▸ WORK TASK: Line by line, return the material below exactly as it reads.

▸ RECORDS:
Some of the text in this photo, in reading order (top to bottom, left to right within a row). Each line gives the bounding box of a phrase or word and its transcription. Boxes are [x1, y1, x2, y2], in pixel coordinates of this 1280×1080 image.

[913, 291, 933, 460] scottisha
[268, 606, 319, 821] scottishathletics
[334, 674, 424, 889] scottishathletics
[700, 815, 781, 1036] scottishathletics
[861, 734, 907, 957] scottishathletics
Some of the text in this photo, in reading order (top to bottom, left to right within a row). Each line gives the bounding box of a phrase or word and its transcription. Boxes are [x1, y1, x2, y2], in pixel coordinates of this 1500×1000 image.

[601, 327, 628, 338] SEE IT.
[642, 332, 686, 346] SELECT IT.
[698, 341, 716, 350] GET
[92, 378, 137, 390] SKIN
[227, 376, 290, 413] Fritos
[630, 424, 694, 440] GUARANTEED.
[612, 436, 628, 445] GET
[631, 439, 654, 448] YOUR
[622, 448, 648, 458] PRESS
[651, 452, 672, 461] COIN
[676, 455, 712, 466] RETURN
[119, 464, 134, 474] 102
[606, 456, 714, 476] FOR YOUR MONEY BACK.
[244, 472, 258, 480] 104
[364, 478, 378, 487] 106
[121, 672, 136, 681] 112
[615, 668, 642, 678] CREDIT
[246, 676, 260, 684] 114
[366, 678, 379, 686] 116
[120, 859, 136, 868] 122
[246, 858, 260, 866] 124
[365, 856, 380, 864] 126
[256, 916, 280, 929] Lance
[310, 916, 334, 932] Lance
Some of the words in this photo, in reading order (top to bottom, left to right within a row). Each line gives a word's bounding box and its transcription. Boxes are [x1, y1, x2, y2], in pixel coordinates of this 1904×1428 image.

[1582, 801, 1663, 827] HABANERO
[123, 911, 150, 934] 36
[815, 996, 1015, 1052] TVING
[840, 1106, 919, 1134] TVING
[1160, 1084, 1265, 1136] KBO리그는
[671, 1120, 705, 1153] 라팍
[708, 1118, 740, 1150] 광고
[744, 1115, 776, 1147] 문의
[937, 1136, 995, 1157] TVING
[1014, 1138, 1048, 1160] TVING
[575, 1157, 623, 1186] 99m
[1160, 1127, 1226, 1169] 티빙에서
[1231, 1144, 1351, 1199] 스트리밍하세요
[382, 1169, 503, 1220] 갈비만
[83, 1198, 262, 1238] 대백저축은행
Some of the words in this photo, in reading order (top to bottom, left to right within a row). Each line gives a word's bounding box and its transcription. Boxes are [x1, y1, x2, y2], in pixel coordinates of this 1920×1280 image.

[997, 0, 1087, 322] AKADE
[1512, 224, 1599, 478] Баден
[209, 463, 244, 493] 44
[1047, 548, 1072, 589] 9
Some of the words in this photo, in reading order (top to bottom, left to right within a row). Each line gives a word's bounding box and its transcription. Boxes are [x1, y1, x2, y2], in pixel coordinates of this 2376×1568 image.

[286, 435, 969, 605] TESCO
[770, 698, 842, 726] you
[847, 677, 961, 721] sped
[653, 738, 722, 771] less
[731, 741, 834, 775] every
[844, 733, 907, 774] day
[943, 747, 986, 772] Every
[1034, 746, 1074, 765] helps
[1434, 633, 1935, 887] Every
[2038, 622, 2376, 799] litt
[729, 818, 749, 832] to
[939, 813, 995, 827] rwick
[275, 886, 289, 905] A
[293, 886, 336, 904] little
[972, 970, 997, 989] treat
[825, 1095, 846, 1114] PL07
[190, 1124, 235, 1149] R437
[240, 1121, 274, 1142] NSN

▸ THE COMPLETED TASK:
Some of the text in this photo, in reading order (top to bottom, left to right within a row). Each line gives the bounding box of a phrase or word and its transcription. Boxes are [x1, y1, x2, y2], in pixel coordinates of this 1280×1080 image.

[913, 291, 933, 460] scottisha
[268, 606, 319, 821] scottishathletics
[334, 674, 424, 889] scottishathletics
[700, 815, 781, 1036] scottishathletics
[861, 734, 907, 957] scottishathletics
Some of the text in this photo, in reading order (top to bottom, left to right within a row). Each line gives the bounding box of a phrase or word and its transcription. Boxes are [x1, y1, x2, y2], in pixel coordinates of this 1500×1000 image.

[601, 327, 628, 338] SEE IT.
[642, 332, 686, 346] SELECT IT.
[698, 341, 716, 350] GET
[92, 378, 137, 390] SKIN
[227, 376, 290, 413] Fritos
[630, 424, 694, 440] GUARANTEED.
[612, 436, 628, 445] GET
[631, 439, 654, 448] YOUR
[622, 448, 648, 458] PRESS
[651, 452, 672, 461] COIN
[676, 455, 712, 466] RETURN
[119, 464, 134, 474] 102
[606, 456, 714, 476] FOR YOUR MONEY BACK.
[244, 472, 258, 480] 104
[364, 478, 378, 487] 106
[121, 672, 136, 681] 112
[615, 668, 642, 678] CREDIT
[246, 676, 260, 684] 114
[366, 678, 379, 686] 116
[120, 859, 136, 868] 122
[246, 858, 260, 866] 124
[365, 856, 380, 864] 126
[256, 916, 280, 929] Lance
[310, 916, 334, 932] Lance
Some of the words in this photo, in reading order (top to bottom, left to right within a row). Each line gives a word's bounding box and its transcription. Boxes are [x1, y1, x2, y2], in pixel coordinates of this 1904×1428 image.

[1582, 801, 1663, 827] HABANERO
[123, 911, 150, 934] 36
[815, 996, 1015, 1052] TVING
[840, 1106, 919, 1134] TVING
[1160, 1084, 1265, 1136] KBO리그는
[671, 1120, 705, 1153] 라팍
[708, 1118, 740, 1150] 광고
[744, 1115, 776, 1147] 문의
[937, 1136, 995, 1157] TVING
[1014, 1138, 1048, 1160] TVING
[575, 1157, 623, 1186] 99m
[1160, 1127, 1226, 1169] 티빙에서
[1231, 1144, 1351, 1199] 스트리밍하세요
[382, 1169, 503, 1220] 갈비만
[83, 1198, 262, 1238] 대백저축은행
Some of the words in this photo, in reading order (top to bottom, left to right within a row). Each line gives a word's bounding box and its transcription. Boxes are [x1, y1, x2, y2], in pixel coordinates of this 1920×1280 image.

[997, 0, 1087, 322] AKADE
[1512, 224, 1599, 478] Баден
[209, 463, 244, 493] 44
[1047, 548, 1072, 589] 9
Some of the words in this photo, in reading order (top to bottom, left to right within a row). Each line gives a word's bounding box and its transcription. Boxes are [x1, y1, x2, y2], in pixel coordinates of this 2376×1568 image.

[286, 435, 969, 605] TESCO
[770, 698, 842, 726] you
[847, 677, 961, 721] sped
[653, 738, 722, 771] less
[731, 741, 834, 775] every
[844, 733, 907, 774] day
[943, 747, 986, 772] Every
[1034, 746, 1074, 765] helps
[1434, 633, 1935, 887] Every
[2038, 622, 2376, 799] litt
[729, 818, 749, 832] to
[939, 813, 995, 827] rwick
[275, 886, 289, 905] A
[293, 886, 336, 904] little
[972, 970, 997, 989] treat
[825, 1095, 846, 1114] PL07
[190, 1124, 235, 1149] R437
[240, 1121, 274, 1142] NSN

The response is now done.